When entering on the right there are four mirrored armoires, a full Bar Island with refrigerator, dining area, large coffee table, hide-a-bed sofa, lamp table and two upholstered barrel chairs. The far wall is windows to the oversized balcony and the sea. The draperies and linen in this room are quite nice: heavy woven brocades in blues and gold. There were three framed silk screens of cymbidium orchids and narcissus on the walls.

Our first steward seemed a bit distracted; we later found out he was ill. His replacement Marvin was terrific. The opportunity for a simplified method of tipping the service staff is great. We had the recommended amounts charged to our account and, on the final evening, envelopes and vouchers were delivered to our room. Yet, we always feel free to tip on a daily basis anyone who is helpful and we added cash to the prepared vouchers; after all, excellent service deserves a reward!

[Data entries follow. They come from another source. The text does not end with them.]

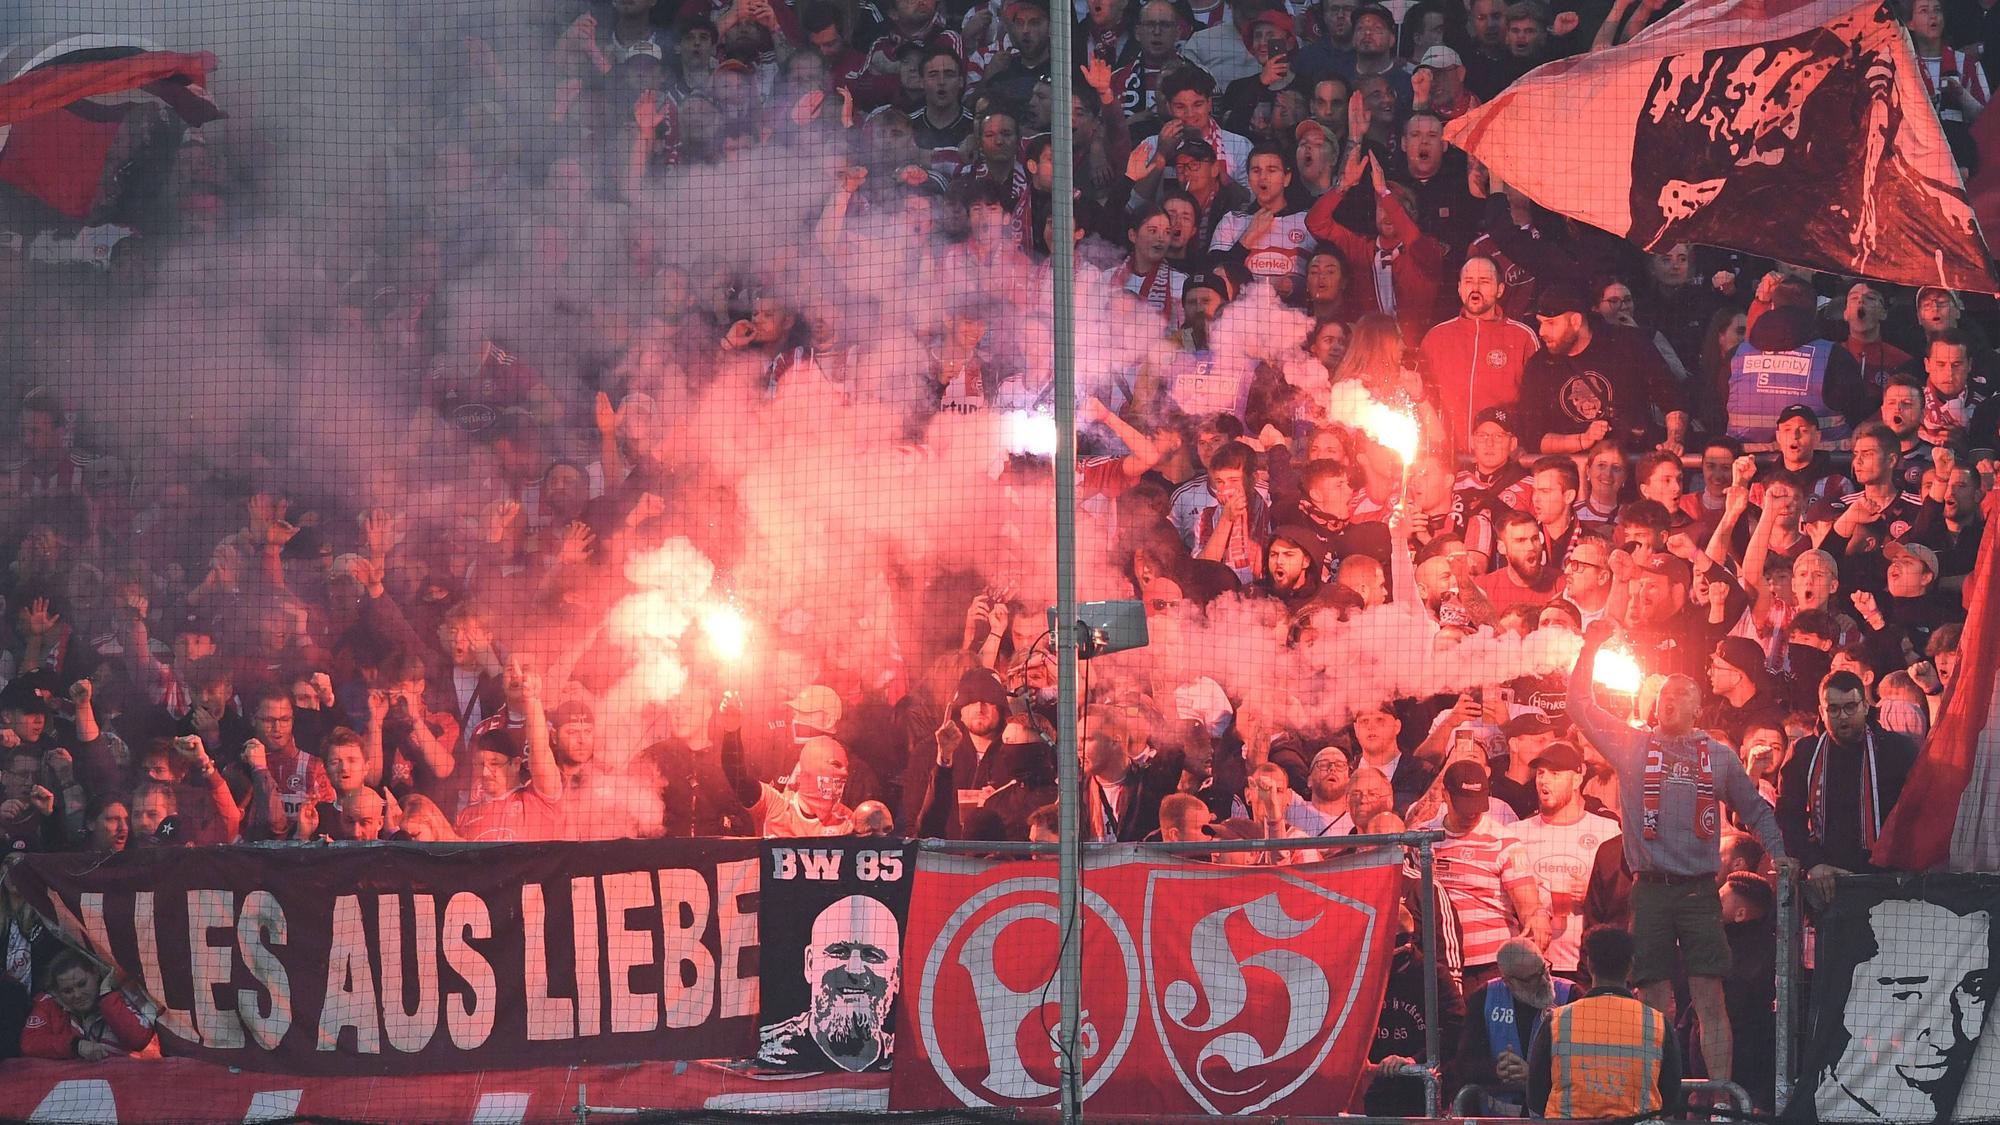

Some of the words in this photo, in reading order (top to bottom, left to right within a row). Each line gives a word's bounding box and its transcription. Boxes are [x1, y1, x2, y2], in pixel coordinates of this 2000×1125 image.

[1250, 258, 1289, 270] Henkel
[1533, 696, 1567, 710] Henke
[771, 847, 844, 880] BW
[855, 849, 903, 881] 85
[1538, 861, 1582, 874] Henkel
[316, 891, 497, 1054] AUS
[521, 858, 760, 1041] LIEBE

The heart and soul of a ship, as Captain Bang explains, are the people on board. The daily COMPASS is the best guide to activities, and the Navigator has more fun opportunities than any other ship. Cruise Director Jeffrey Arpin has a huge assignment and he executes it with aplomb. He is funny, friendly, and fast on his feet since he travels between so many venues--keeping all the balls up in the air. This ship is a "destination in itself." Sports, dancing, music and spectacular shows nightly. The Navigator, like her sister ships, boasts of her ice shows, and she should:  "Ice Dancin,"  with Violetta & Peter Dack and the International Ice Cast lived up to the publicity: EXCELLENT! The regular shows with comedians Rodney Johnson and James Stephens III and the production shows by the RCI Orchestra, singers and dancers are quite good. Perhaps the most memorable single act was the "Duo Iouvilov," a combination of dancing and acrobatics. We didn't think those positions were possible! If passengers prefer to rest in their stateroom, many of these attractions are shown on their cabin's TV.

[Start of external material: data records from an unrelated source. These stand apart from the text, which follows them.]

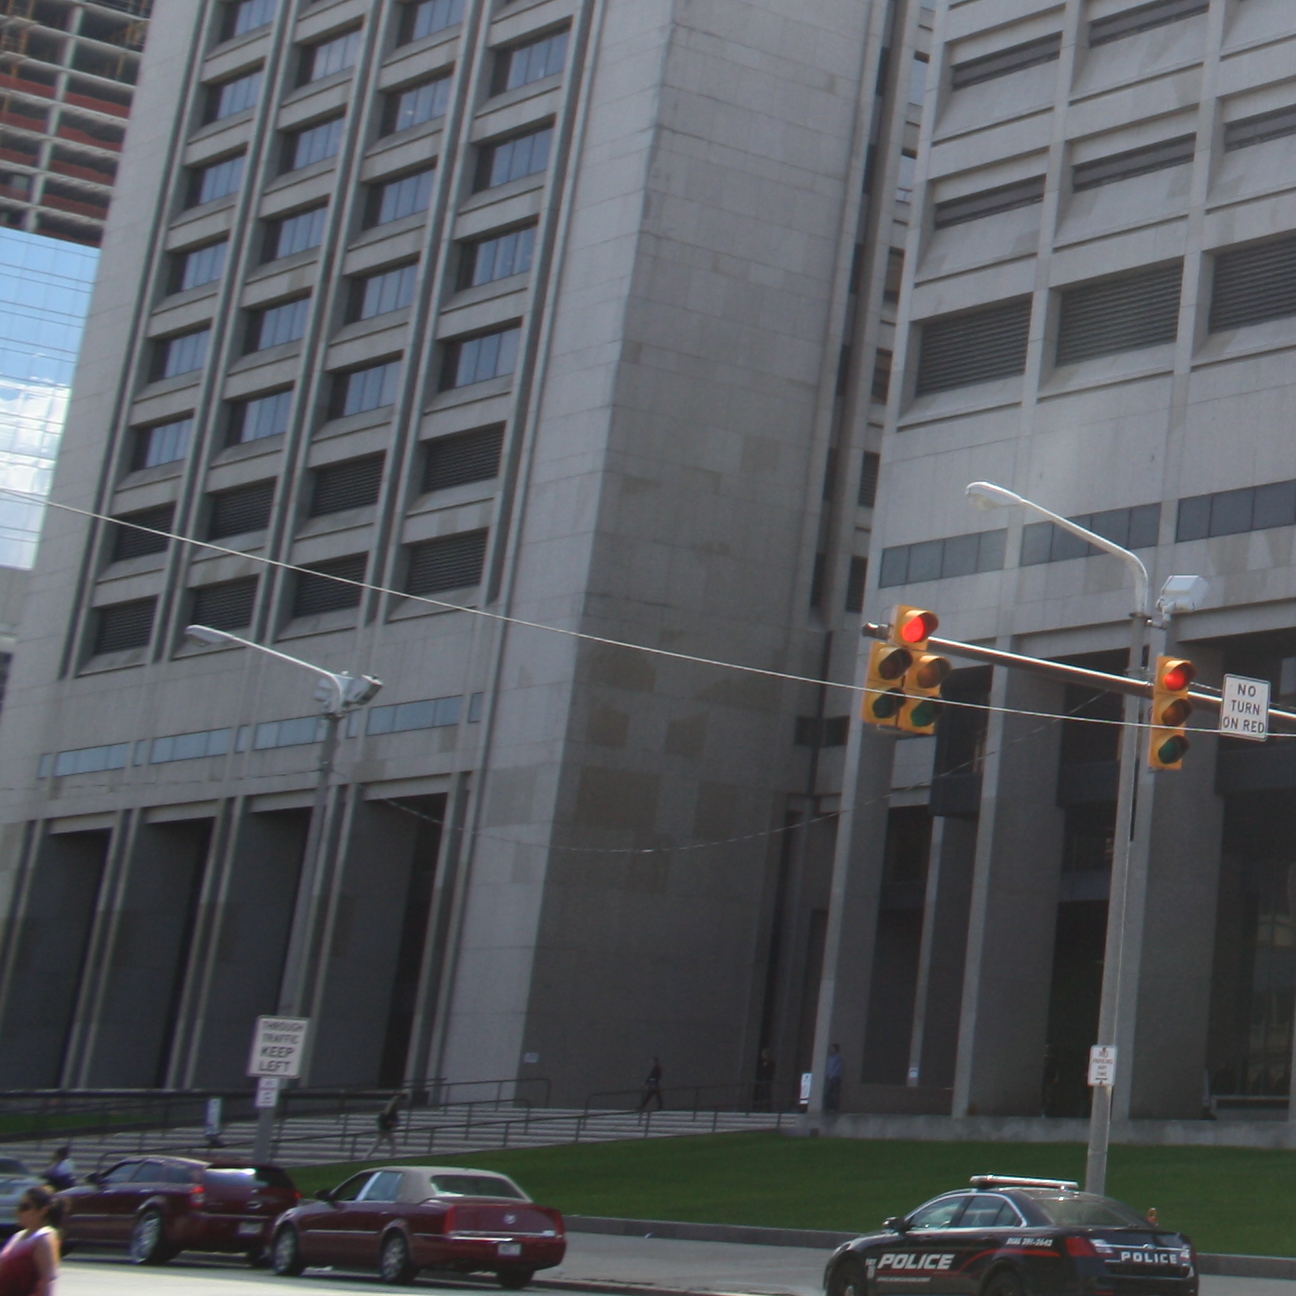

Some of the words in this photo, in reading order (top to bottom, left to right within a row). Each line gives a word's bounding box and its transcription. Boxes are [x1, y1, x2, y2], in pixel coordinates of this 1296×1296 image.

[1237, 684, 1256, 697] NO
[1231, 700, 1260, 715] TURN
[1222, 716, 1239, 730] ON
[1243, 719, 1265, 734] RED
[261, 1033, 300, 1044] TRAFFIC
[260, 1046, 295, 1058] KEEP
[258, 1060, 291, 1072] LEFT
[877, 1253, 956, 1270] POLICE
[1120, 1251, 1178, 1264] POLICE

As frequent Caribbean cruisers, we have seen all of these ports many times over, but every cruise is different and the dynamics are always changing. The weather can change plans, but when on vacation it's best to go with the flow.

Sunday: Sea Day.
Monday: Labadee, Haiti; Arrival-8:00am; Departure-4:00pm
Tuesday: Ochos Rios, Jamaica; Canceled due to high seas
Wednesday: Grand Cayman; Arrival-8:00am; Departure-4:00pm
Thursday: Cozumel, Mexico; Arrival-10:00am; Departure-7:00pm (delayed for 30 late passengers)
Friday: Sea Day

The more we cruise, the more intrigued we are by the artwork on each ship. Suddenly, we are more interested in what differentiates one ship from another and what gives each ship her "personality." We admire unique pieces of art and frequently recognize recurring themes from ship to ship, especially on those within the same class, e.g. the Voyager class. On recent cruises, we made a point of visiting each ship from top to bottom (or vice versa), to see and enjoy her art collection; it is like Art Appreciation 101 or maybe 102. But it gives us pleasure and we are improving at recognizing common characteristics and styles of certain artists whose artwork is frequently present on various ships of the same cruise line. Sometime the names are not easily remembered, but once identified, we can recalled them as authors of other pieces on other ships. We were told that the art collection on the Navigator costs $ 8.5 million. Surely, she can be compared to a nice art museum.

We enjoy cruising, especially on new ships. The smell of new, the desire of seeing, feeling and comparing the new ambiance with that of other ships are the reasons for booking cruises early on the ships' inaugural season (or voyage). We are ready to book cruises on both the Serenade and on the Mariner for this coming fall; however, we have already booked three cruises on RCI ships, two in May on the Grandeur (back-to-back, transatlantic and Baltic Capitals), and a family reunion in October on the Explorer (Western Caribbean). It'll be nice to revisit both ships; it will be our third and fourth cruise on the Grandeur and our second on the Explorer. It looks like this will be for us another year of intensive cruising. Happy Cruising!